### WORK ITEM
Copy out the whole listing exactly as written, leaving the pictures behind.

◇ ◇ ◇ ◇

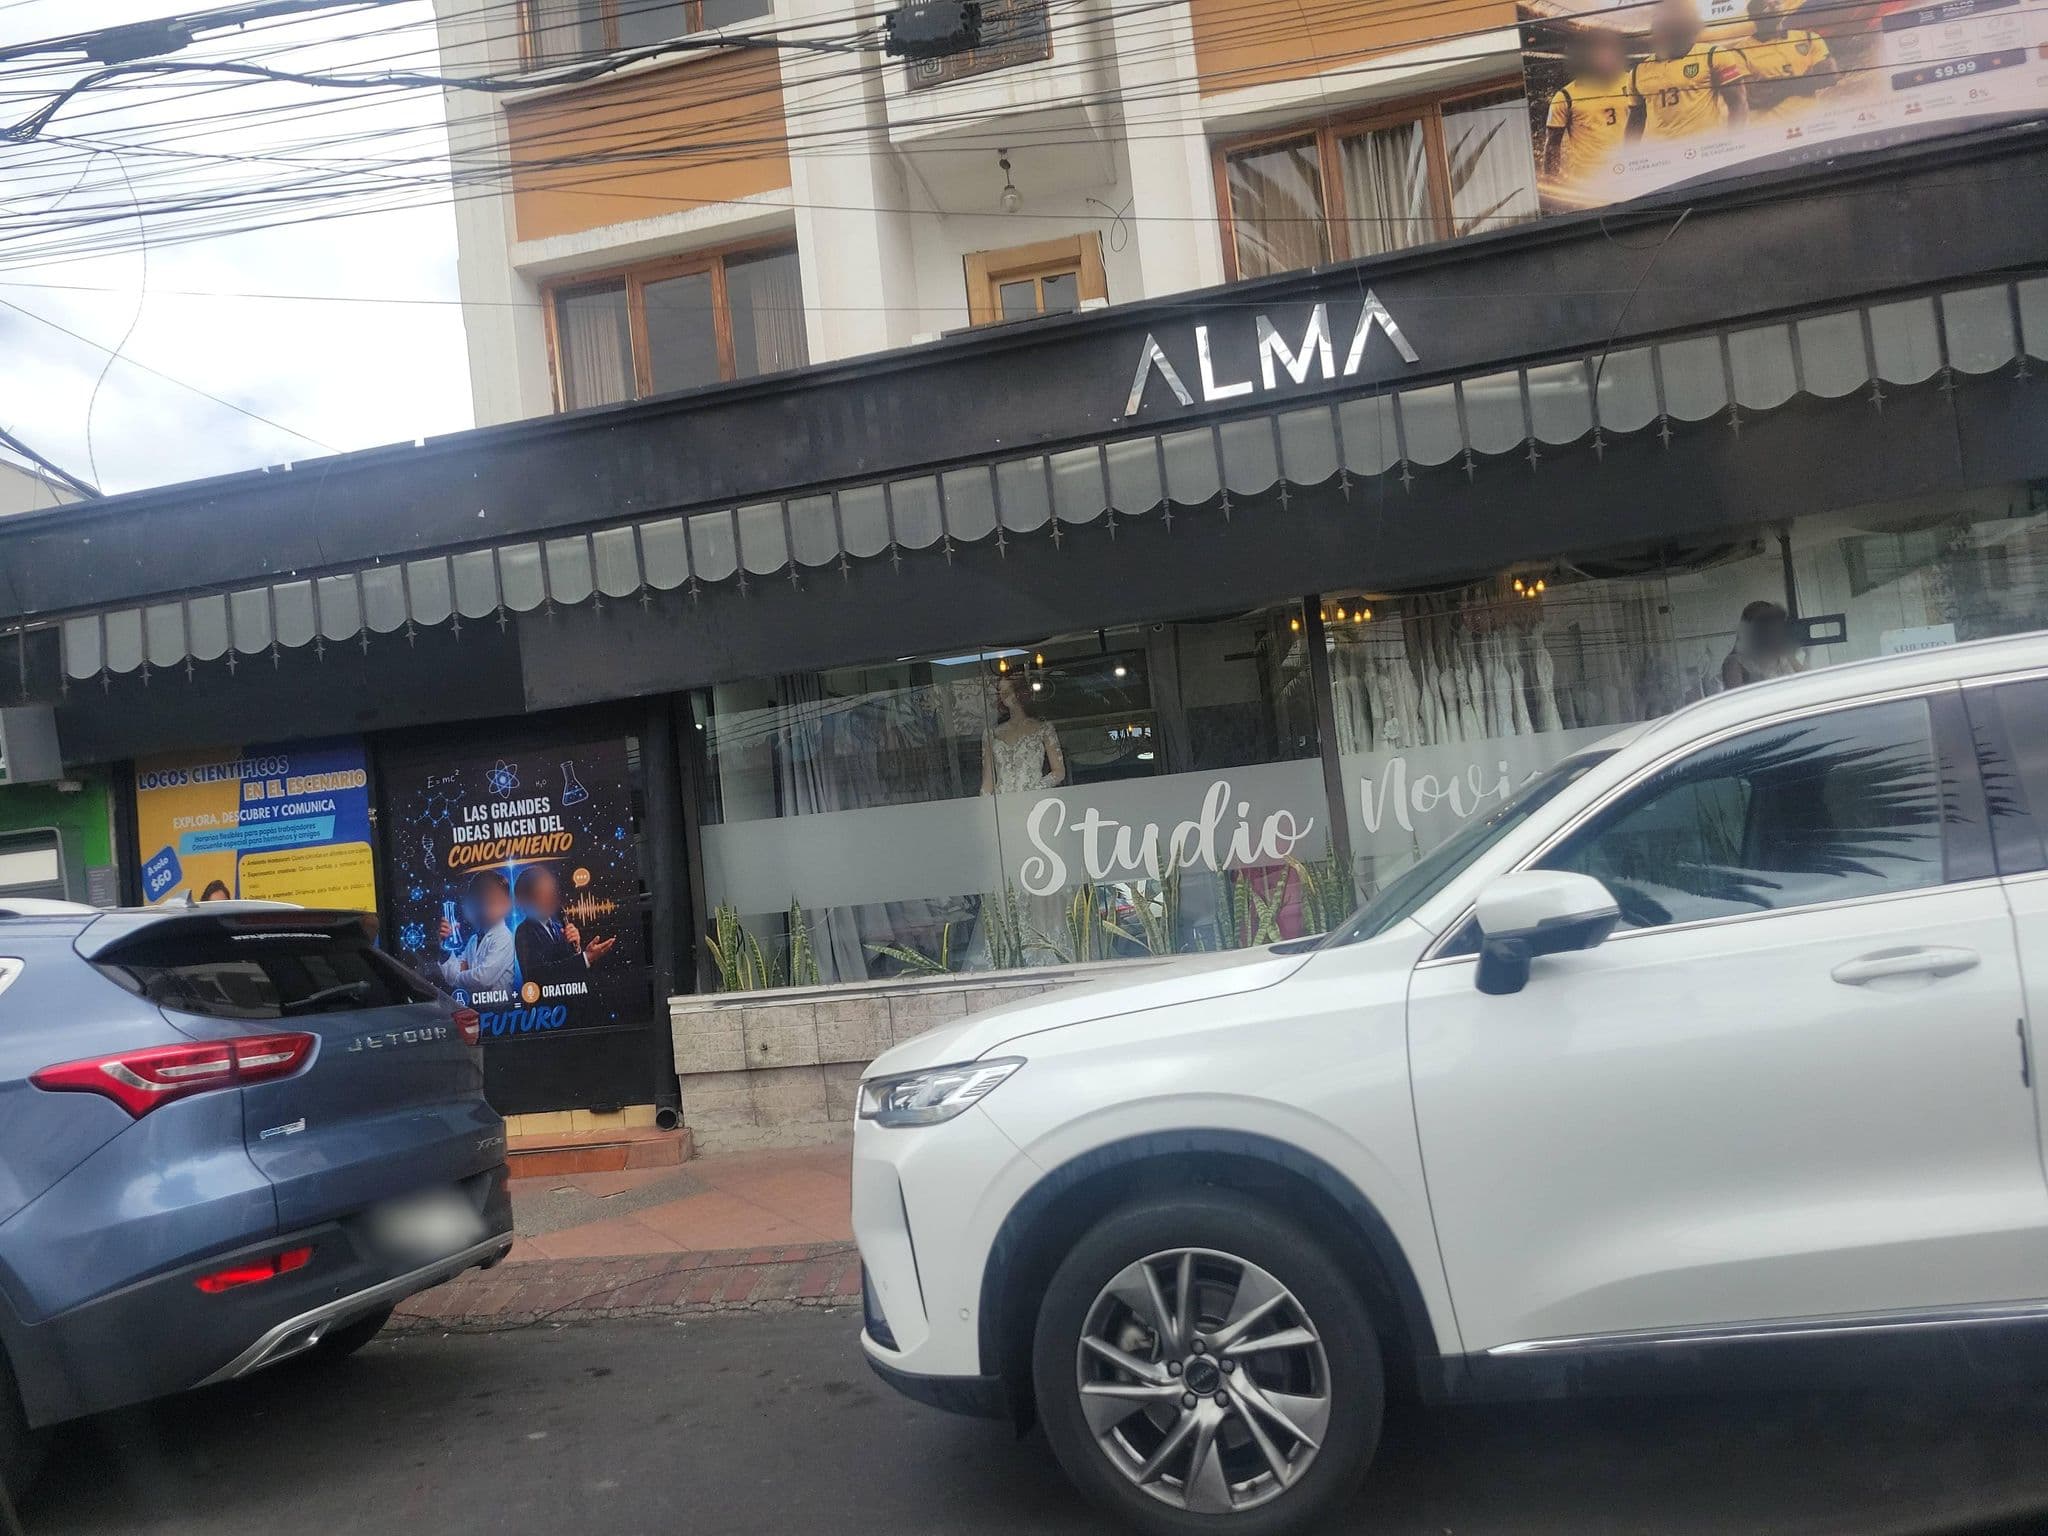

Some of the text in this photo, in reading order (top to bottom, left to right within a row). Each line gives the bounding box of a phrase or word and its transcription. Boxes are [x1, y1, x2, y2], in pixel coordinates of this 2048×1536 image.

[1711, 4, 1734, 14] FIFA
[1934, 61, 1977, 79] $9.99
[1658, 86, 1681, 108] 13
[1604, 107, 1617, 126] 3
[1124, 288, 1420, 417] ALMA
[137, 769, 189, 791] LOCOS
[243, 768, 367, 801] EN EL ESCENARIO
[222, 806, 271, 824] DESCUBRE
[272, 805, 280, 818] Y
[281, 798, 336, 816] COMUNICA
[463, 796, 551, 823] LAS GRANDES
[278, 822, 316, 834] trabajadores
[452, 814, 565, 844] IDEAS NACEN DEL
[1020, 757, 1544, 899] Studio Novi
[447, 832, 574, 868] CONOCIMIENTO
[151, 869, 172, 892] $60
[472, 989, 509, 1005] CIENCIA
[542, 981, 588, 998] ORATORIA
[479, 1004, 568, 1037] FUTURO
[347, 1026, 448, 1052] JETOUR

◇ ◇ ◇ ◇

### WRITTEN RESPONSE
Some of the text in this photo, in reading order (top to bottom, left to right within a row). Each line gives the bounding box of a phrase or word and its transcription. Boxes are [x1, y1, x2, y2], in pixel coordinates of this 2048×1536 image.

[1711, 4, 1734, 14] FIFA
[1934, 61, 1977, 79] $9.99
[1658, 86, 1681, 108] 13
[1604, 107, 1617, 126] 3
[1124, 288, 1420, 417] ALMA
[137, 769, 189, 791] LOCOS
[243, 768, 367, 801] EN EL ESCENARIO
[222, 806, 271, 824] DESCUBRE
[272, 805, 280, 818] Y
[281, 798, 336, 816] COMUNICA
[463, 796, 551, 823] LAS GRANDES
[278, 822, 316, 834] trabajadores
[452, 814, 565, 844] IDEAS NACEN DEL
[1020, 757, 1544, 899] Studio Novi
[447, 832, 574, 868] CONOCIMIENTO
[151, 869, 172, 892] $60
[472, 989, 509, 1005] CIENCIA
[542, 981, 588, 998] ORATORIA
[479, 1004, 568, 1037] FUTURO
[347, 1026, 448, 1052] JETOUR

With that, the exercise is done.